- [The problem]:
Leaving out the images, repeat all the lines below exactly.

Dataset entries
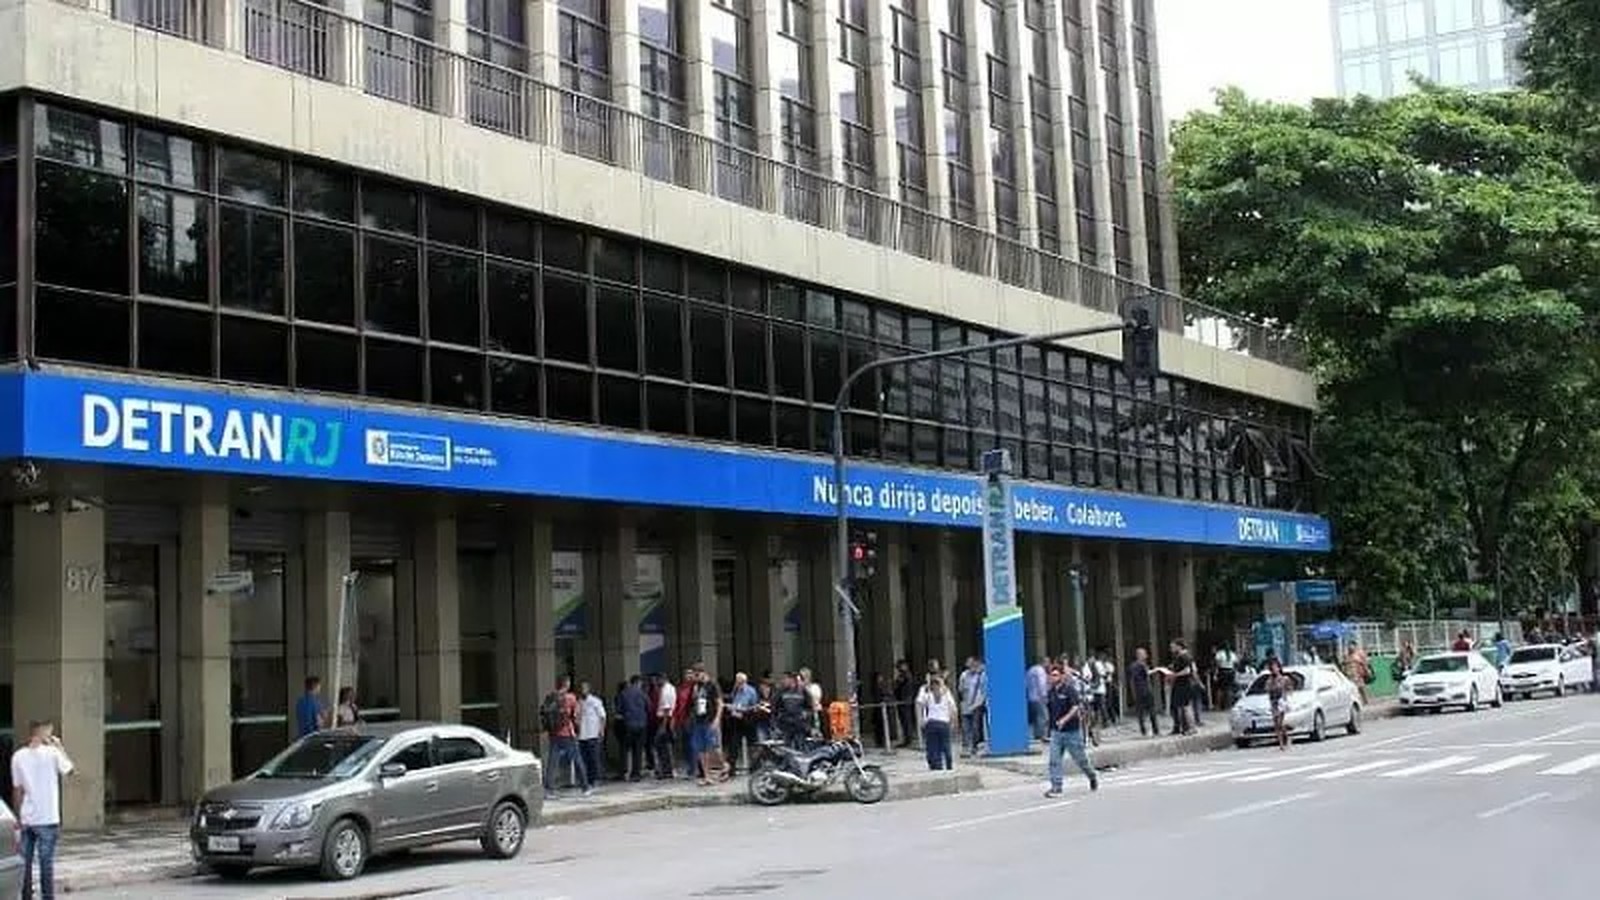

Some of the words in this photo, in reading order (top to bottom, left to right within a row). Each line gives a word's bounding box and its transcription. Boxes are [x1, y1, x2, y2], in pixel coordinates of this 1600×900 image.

[812, 475, 873, 507] Nunca
[879, 482, 926, 516] dirija
[930, 487, 984, 520] depois
[1013, 495, 1059, 523] beber.
[1066, 501, 1127, 528] Colabore.
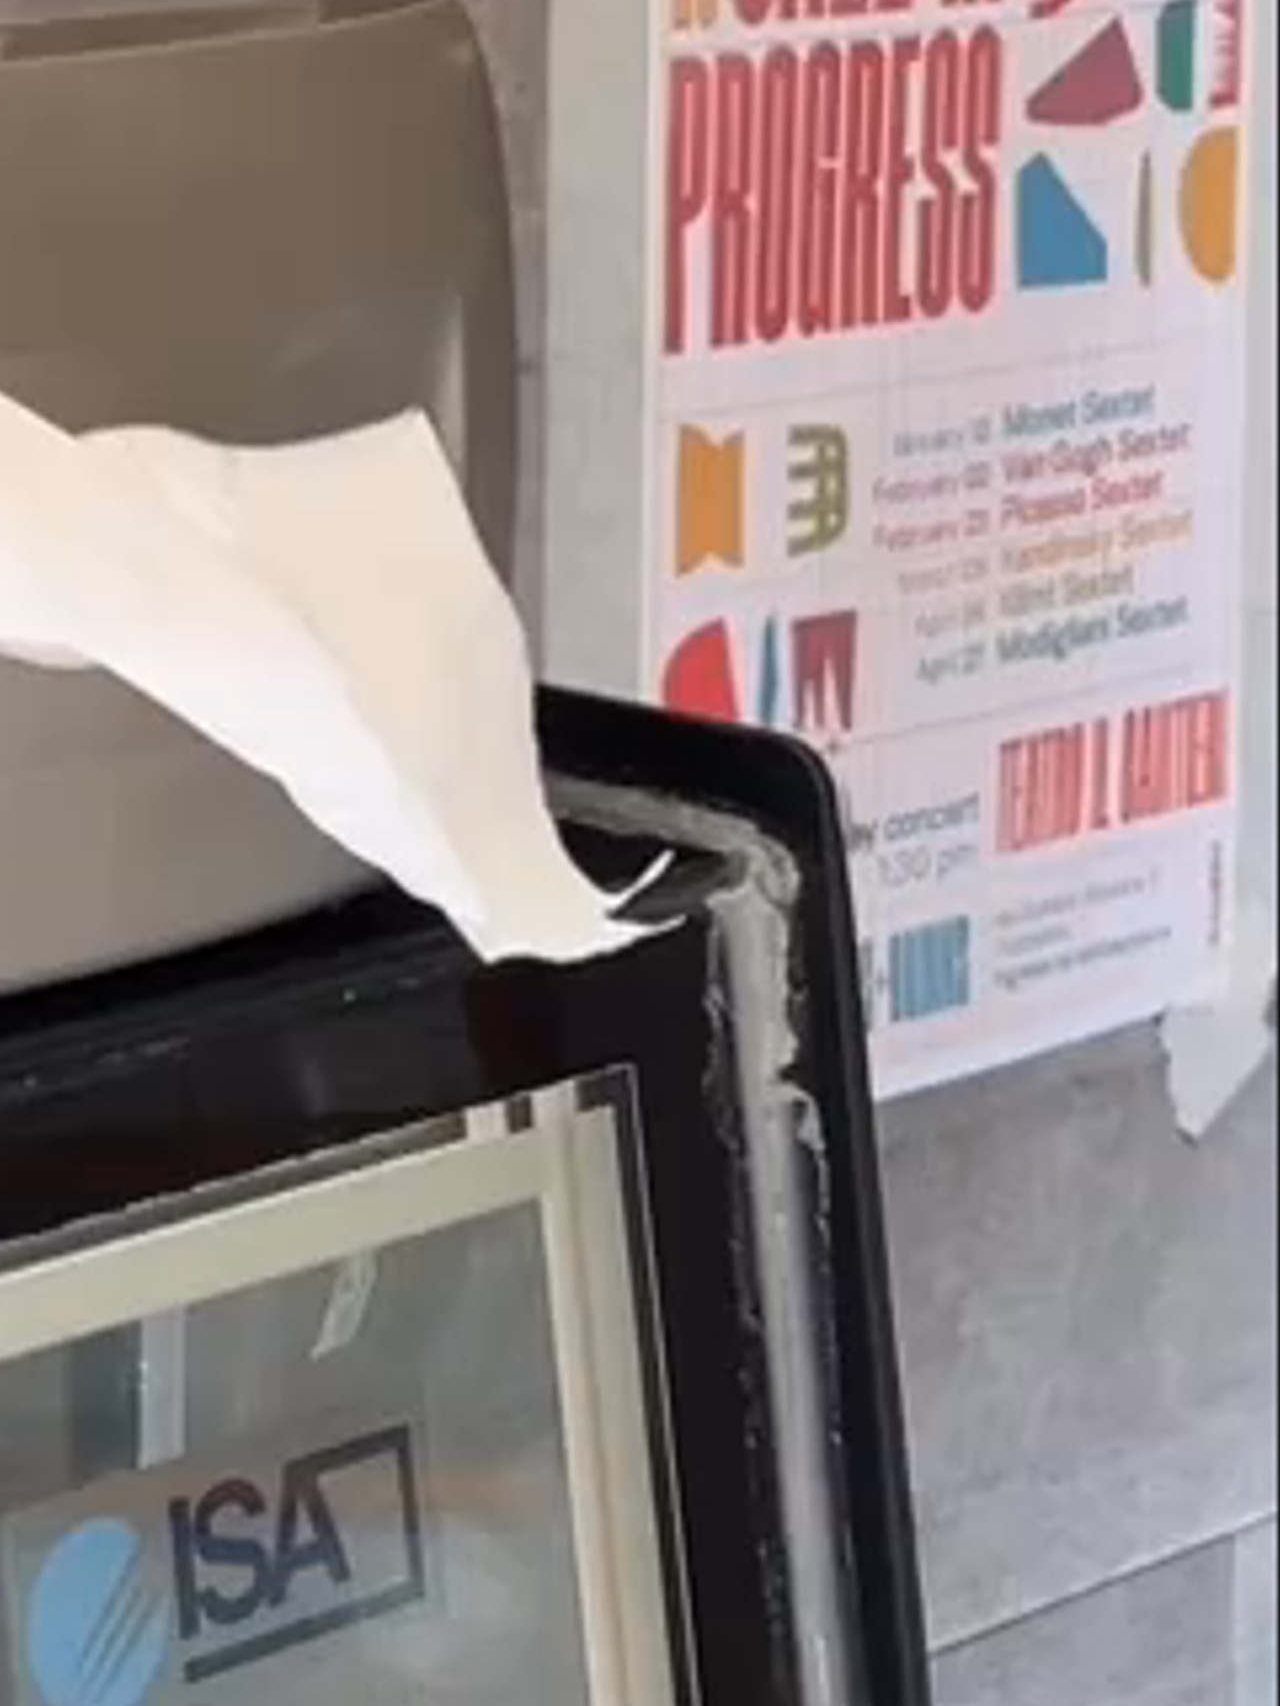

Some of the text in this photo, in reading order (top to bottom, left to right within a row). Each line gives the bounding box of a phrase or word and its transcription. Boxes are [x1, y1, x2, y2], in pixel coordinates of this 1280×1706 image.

[662, 24, 1004, 356] PROGRESS
[1081, 384, 1155, 425] Sextet
[1118, 422, 1192, 462] Sextet
[1092, 468, 1162, 511] Sextet
[1118, 595, 1188, 637] Sextet
[166, 1470, 351, 1641] ISA
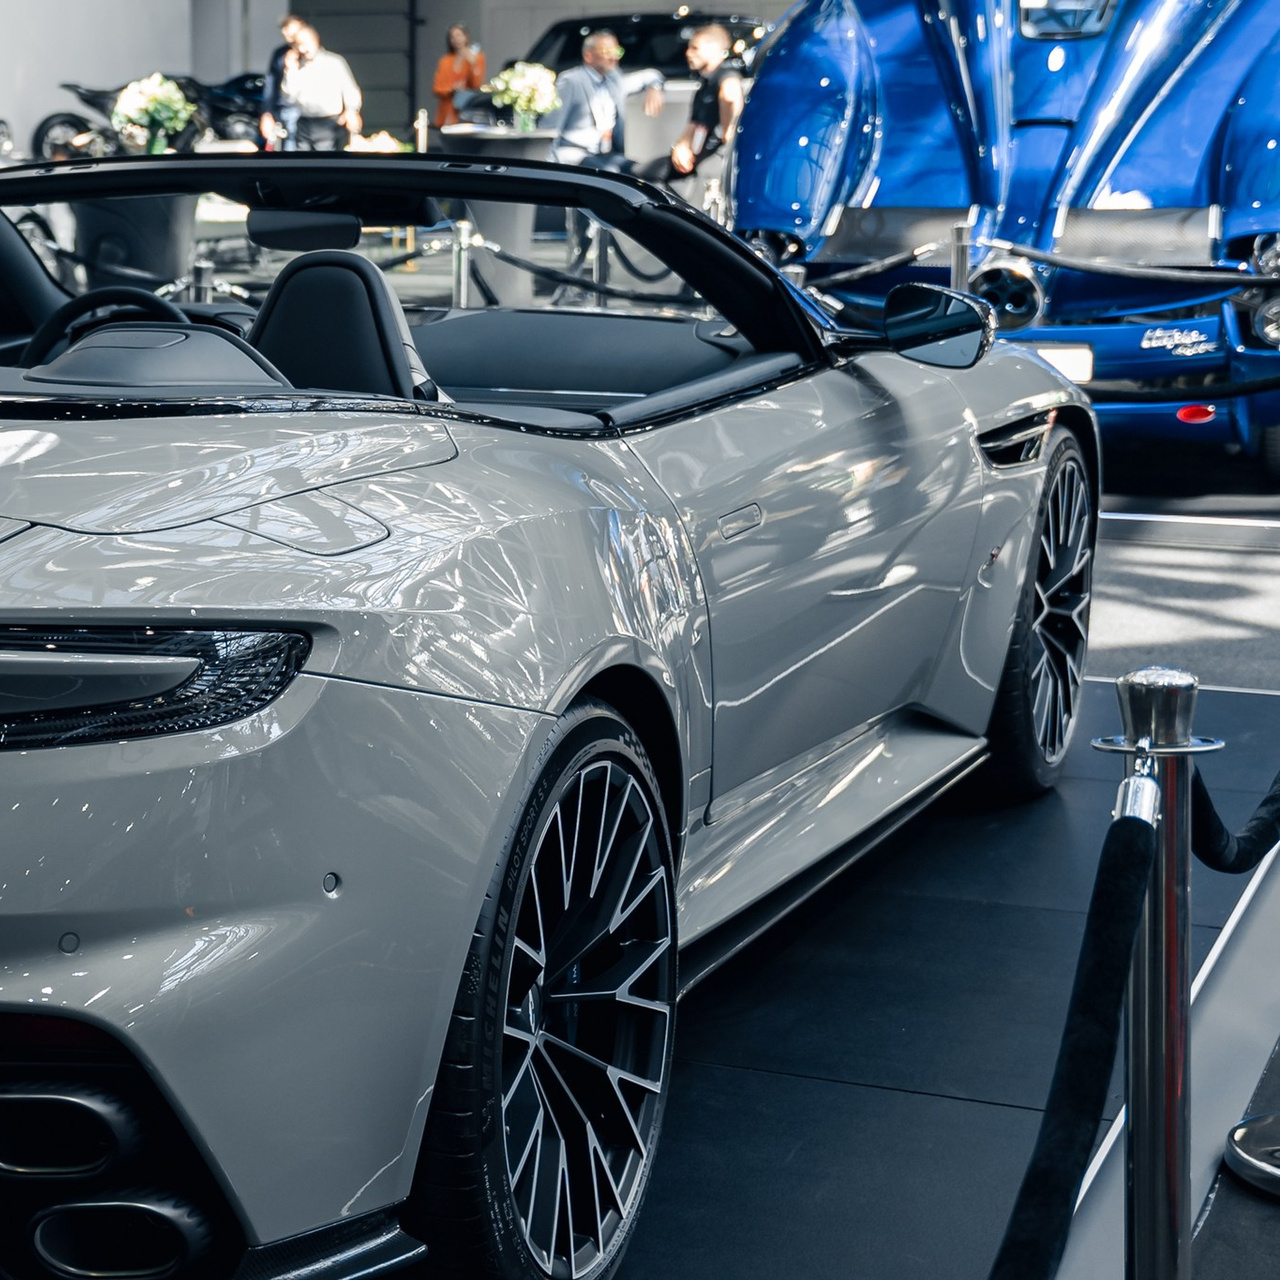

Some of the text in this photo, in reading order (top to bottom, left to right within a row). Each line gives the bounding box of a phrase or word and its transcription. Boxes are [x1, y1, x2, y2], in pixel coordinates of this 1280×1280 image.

[482, 905, 510, 1091] MICHELIN
[507, 844, 523, 892] PILOT
[521, 799, 538, 846] SPORT

- [Solution to this task]:
Some of the words in this photo, in reading order (top to bottom, left to right within a row). Each line gives a word's bounding box and its transcription. Boxes are [x1, y1, x2, y2], in pixel coordinates of this 1600×900 image.

[812, 475, 873, 507] Nunca
[879, 482, 926, 516] dirija
[930, 487, 984, 520] depois
[1013, 495, 1059, 523] beber.
[1066, 501, 1127, 528] Colabore.

Some of the text in this photo, in reading order (top to bottom, left to right within a row). Each line gives the bounding box of a phrase or word and its transcription. Boxes are [x1, y1, x2, y2], in pixel coordinates of this 1280×1706 image.

[662, 24, 1004, 356] PROGRESS
[1081, 384, 1155, 425] Sextet
[1118, 422, 1192, 462] Sextet
[1092, 468, 1162, 511] Sextet
[1118, 595, 1188, 637] Sextet
[166, 1470, 351, 1641] ISA

Some of the text in this photo, in reading order (top to bottom, left to right within a row). Each line gives the bounding box of a phrase or word and its transcription. Boxes are [x1, y1, x2, y2], in pixel coordinates of this 1280×1280 image.

[482, 905, 510, 1091] MICHELIN
[507, 844, 523, 892] PILOT
[521, 799, 538, 846] SPORT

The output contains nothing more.